Desinflado el globo, nadie esperaba grandes cosas de Draxler cuando comenzó a brillar en el Wolfsburgo, hace un año. Culminó la temporada después de provocar la derrota más humillante que ha sufrido hasta el momento el Madrid de Zidane, un 2-0 nítido en los cuartos de final de la Champions. Una pequeña hazaña que, lejos de ser un punto de partida, resultó el carpetazo a su participación. Otra vez impedido por extrañas lesiones musculares, desapareció hasta la Eurocopa de Francia.

Los hinchas volvieron a saber de él cuando, ya en la concentración alpina de Alemania, ofreció una entrevista en el Bild para ofender a la gente de su club: “Lo mejor de Wolfsburgo es la estación de alta velocidad que conecta con Berlín”.

Claridad en el ataque

Tenía contrato con el Wolfsburgo hasta 2020 pero cuando regresó de vacaciones, en el verano pasado, advirtió que los dirigentes le habían prometido liberarlo cuando él quisiera. Los hinchas se volvieron contra él, el estadio le pitó, el clima en el vestuario se enrareció y el Wolfsburgo, uno de los equipos con mayor presupuesto de la Bundesliga, se precipitó hacia el descenso. Traspasarle a París en Navidad por 36 millones fue un alivio para todos.

Emery le recibió reservándole el carril del diez. Para que entrara a pierna cambiada desde la izquierda. Sin apenas entrenarse con sus nuevos compañeros, transmitió una sensación de comodidad. Afloró su constancia en las asociaciones para encontrar el pase ajeno y el propio, ofreció apoyos, combinó y desbordó. Lució su dominio en las tareas propias del volante, su generosidad en el cierre de la banda y en el inicio de la construcción, y lo culminó encontrando soluciones sencillas en el avispero del área rival. Como socio de Cavani o como definidor. Hizo cuatro goles. Ha jugado ocho partidos y el equipo solo ha empatado uno (1-1 contra el Mónaco).
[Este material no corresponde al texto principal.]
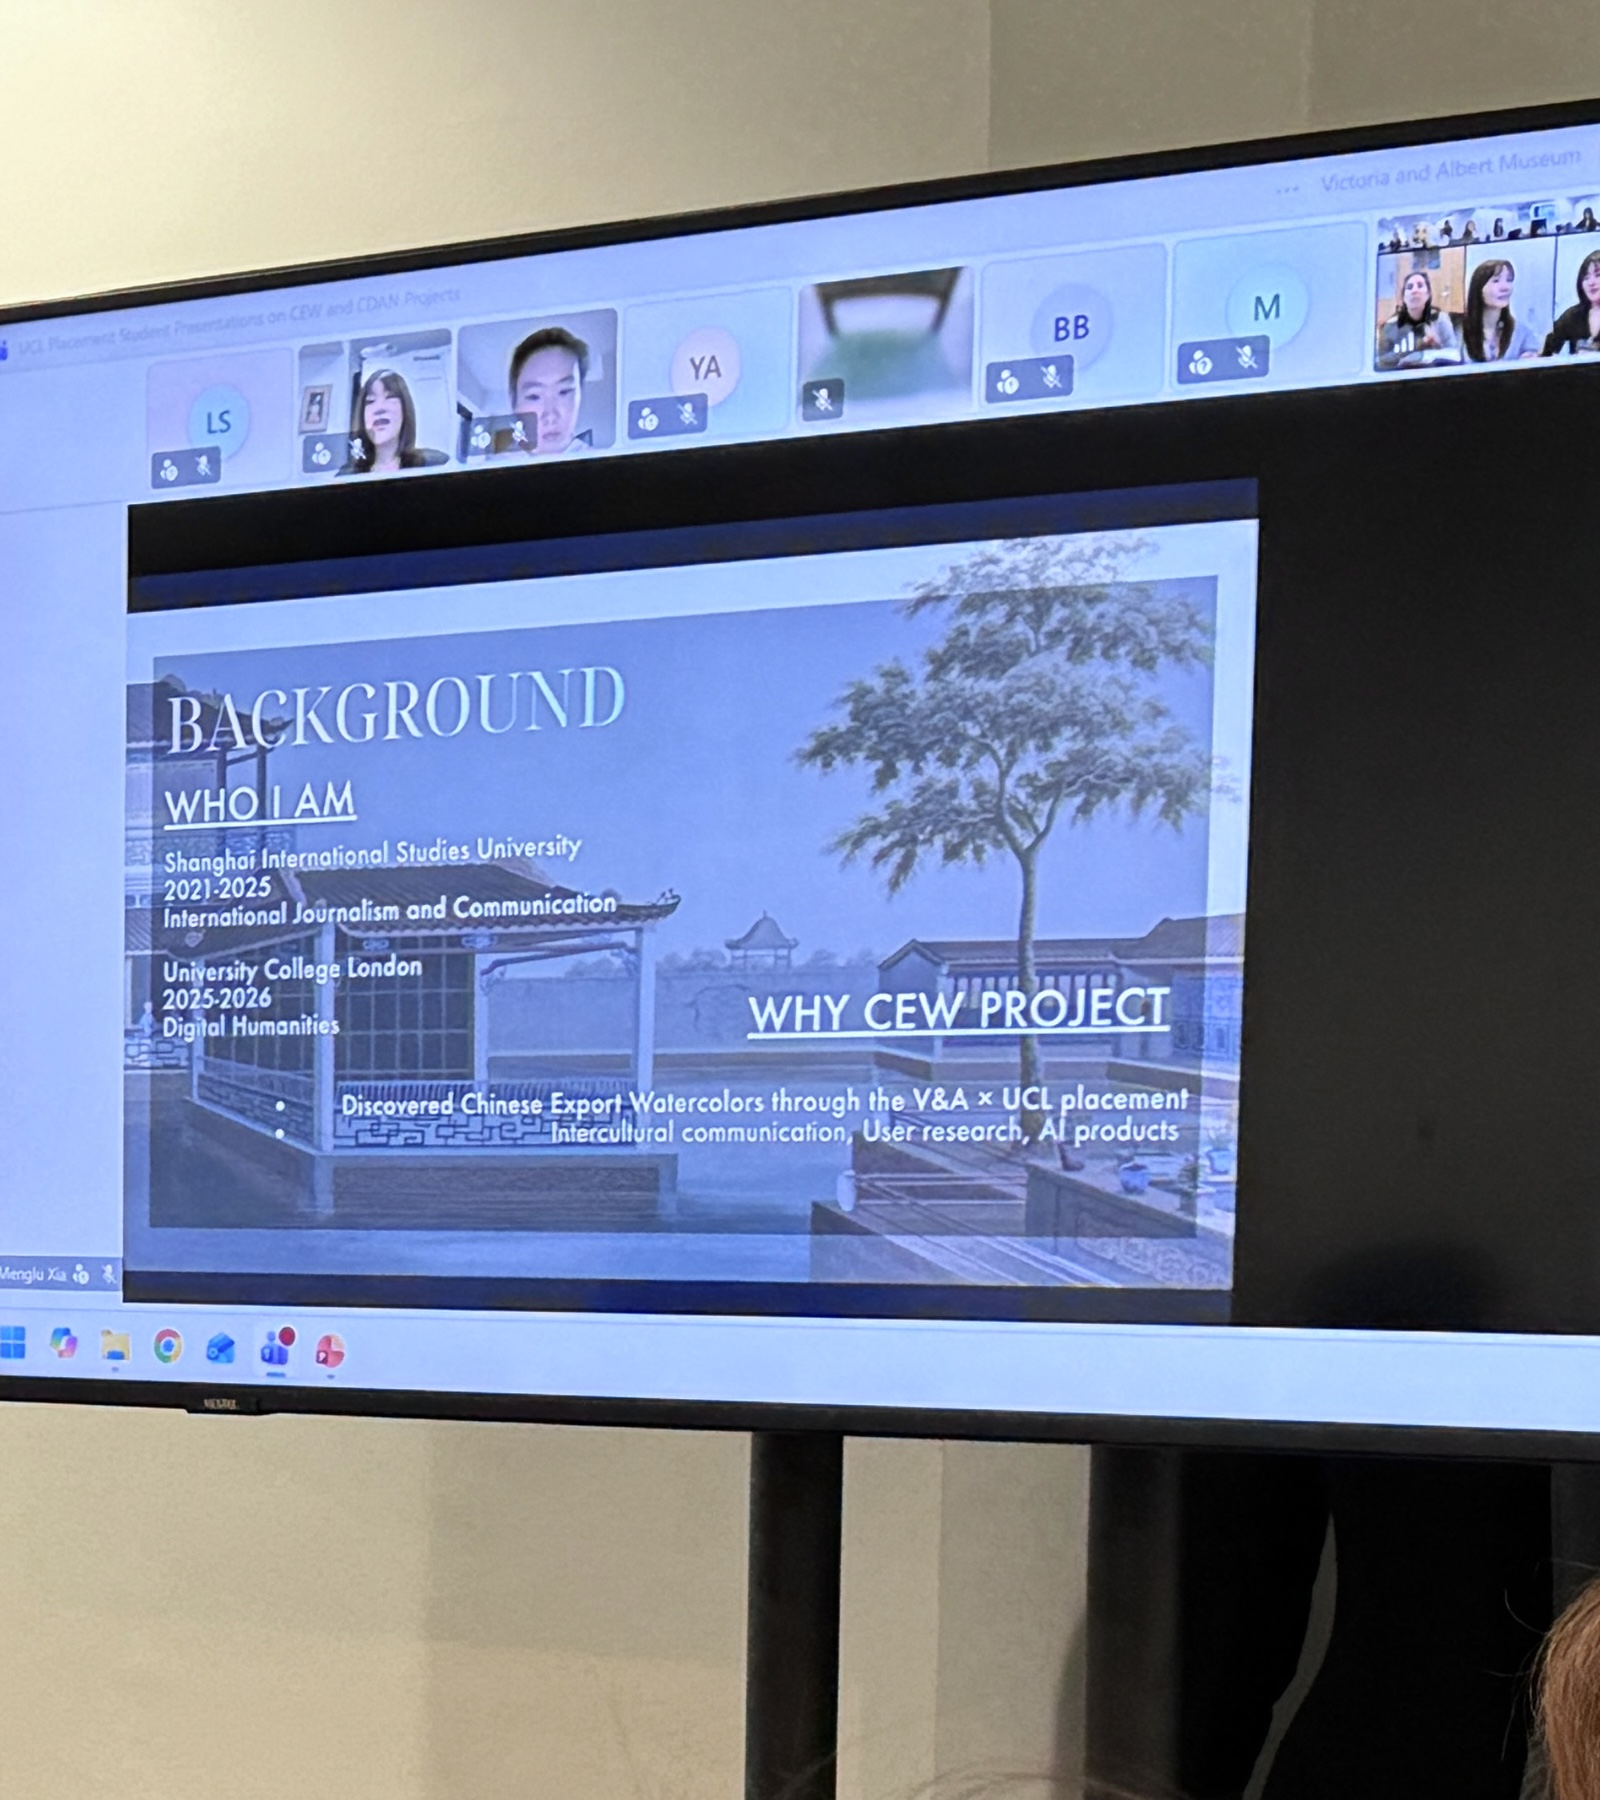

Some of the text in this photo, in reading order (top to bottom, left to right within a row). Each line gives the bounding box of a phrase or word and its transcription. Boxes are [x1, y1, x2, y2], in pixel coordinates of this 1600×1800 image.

[1321, 149, 1582, 191] Victoria and Albert Museum
[1254, 295, 1281, 322] M
[1053, 314, 1090, 343] BB
[690, 355, 721, 381] YA
[206, 409, 231, 434] LS
[167, 665, 625, 754] BACKGROUND
[164, 780, 355, 824] WHO I AM
[164, 835, 582, 877] Shanghai International Studies University
[164, 877, 271, 901] 2021-2025
[164, 893, 618, 929] International Journalism and Communication
[163, 955, 423, 985] University College London
[162, 987, 272, 1010] 2025-2026
[748, 986, 1171, 1033] WHY CEW PROJECT
[163, 1012, 341, 1041] Digital Humanities
[342, 1092, 453, 1116] Discovered
[461, 1092, 543, 1116] Chinese
[551, 1091, 624, 1121] Export
[629, 1089, 765, 1114] Watercolors
[772, 1087, 861, 1118] through
[868, 1087, 905, 1113] the
[913, 1087, 969, 1113] V&A
[1002, 1086, 1053, 1112] UCL
[1060, 1085, 1189, 1117] placement
[551, 1117, 1180, 1147] Intercultural communication, User research, AI products
Draxler es lo más parecido que ha tenido este PSG a un mediapunta. Alguien que, por fin, aclara las jugadas por adentro y por afuera. Alguien que ayuda al equipo a no librarlo todo al aluvión de centros y al pase largo.

“El PSG practica el tipo de fútbol técnicamente ambicioso que le viene bien a Julian”, dijo Joachim Löw, el seleccionador alemán.

Julian Draxler goza de una nueva oportunidad en París. A Unai Emery le gusta la idea.